→ **Prompt**
Without the pictures, copy the entries below word for word.

──────── Source records ────────

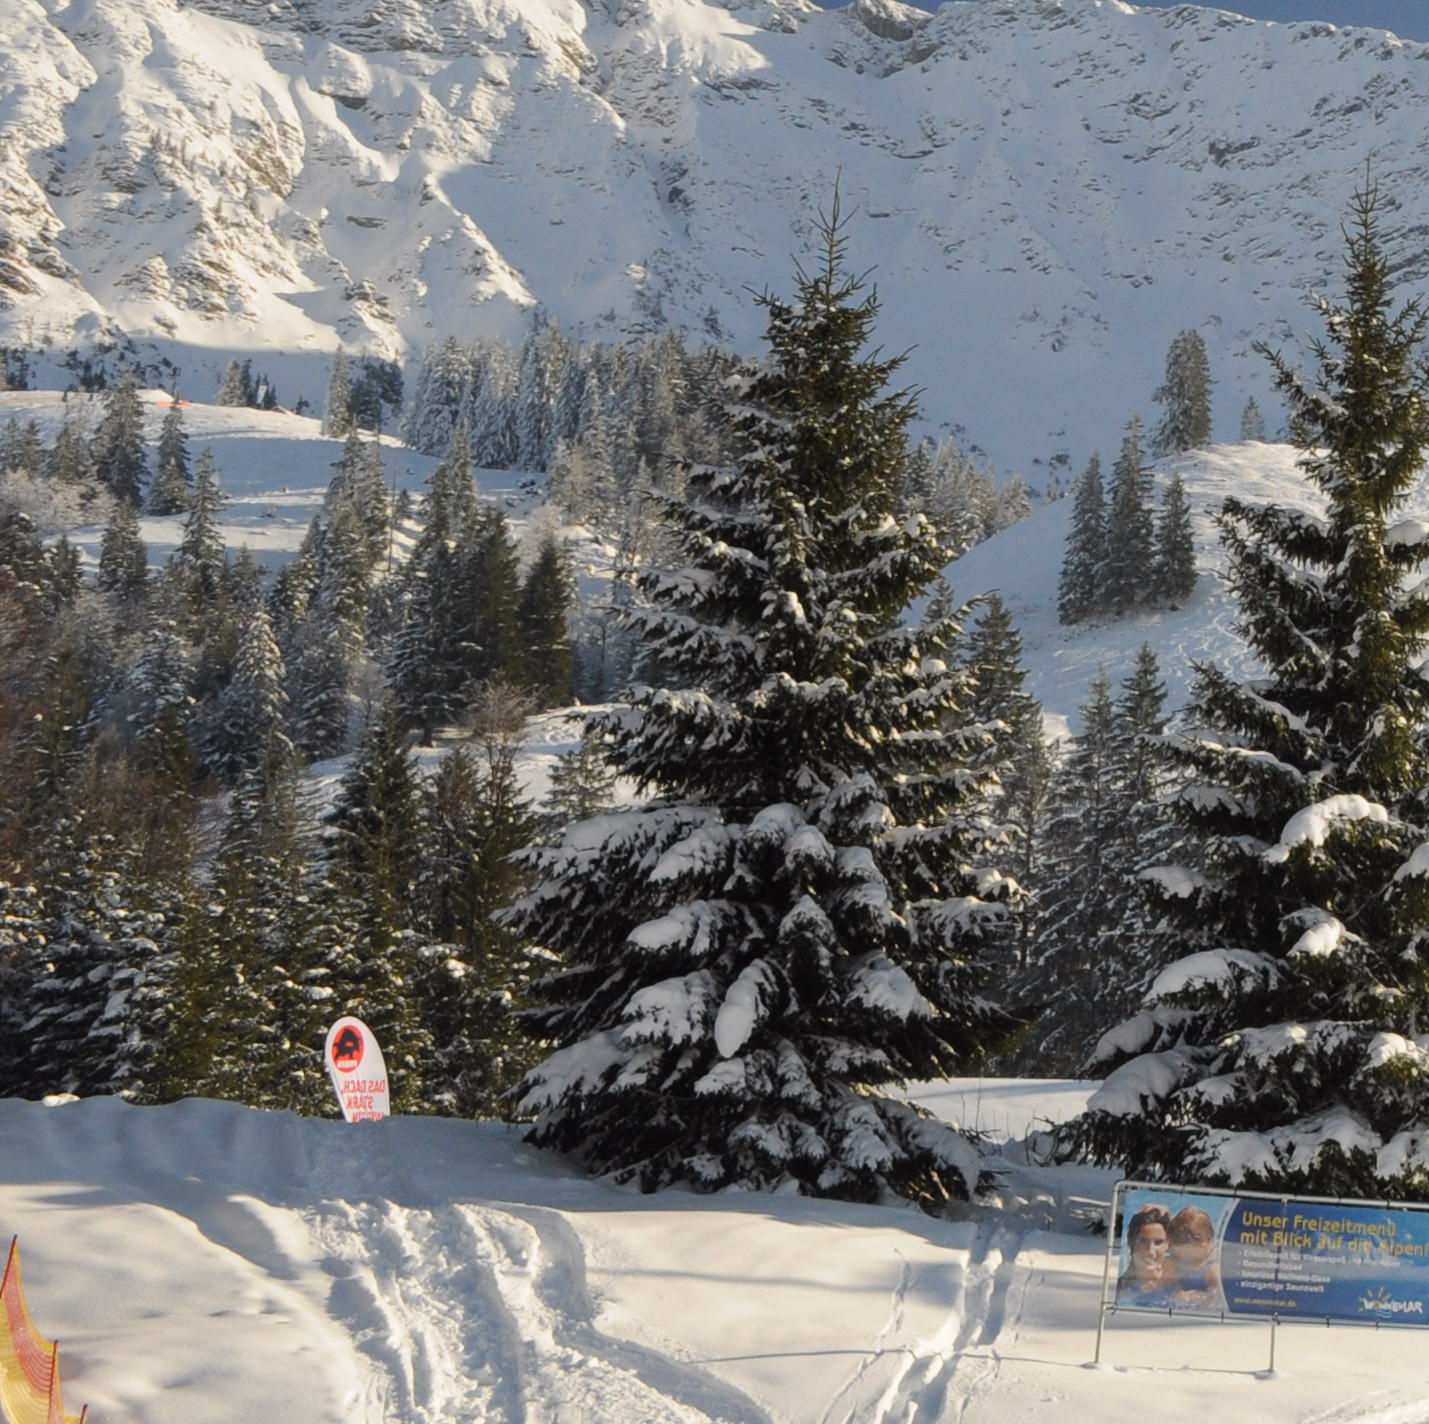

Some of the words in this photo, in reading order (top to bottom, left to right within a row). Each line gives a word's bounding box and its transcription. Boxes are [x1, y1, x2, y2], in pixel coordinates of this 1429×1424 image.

[1242, 1211, 1289, 1229] Unser
[1293, 1214, 1397, 1237] Freizeitmenü
[1240, 1230, 1268, 1245] mit
[1273, 1231, 1312, 1248] Blick
[1317, 1236, 1344, 1250] auf
[1348, 1237, 1374, 1253] die
[1379, 1239, 1429, 1257] Alpen!

────────

→ **Response for this exercise**
Some of the words in this photo, in reading order (top to bottom, left to right within a row). Each line gives a word's bounding box and its transcription. Boxes are [x1, y1, x2, y2], in pixel coordinates of this 1429×1424 image.

[1242, 1211, 1289, 1229] Unser
[1293, 1214, 1397, 1237] Freizeitmenü
[1240, 1230, 1268, 1245] mit
[1273, 1231, 1312, 1248] Blick
[1317, 1236, 1344, 1250] auf
[1348, 1237, 1374, 1253] die
[1379, 1239, 1429, 1257] Alpen!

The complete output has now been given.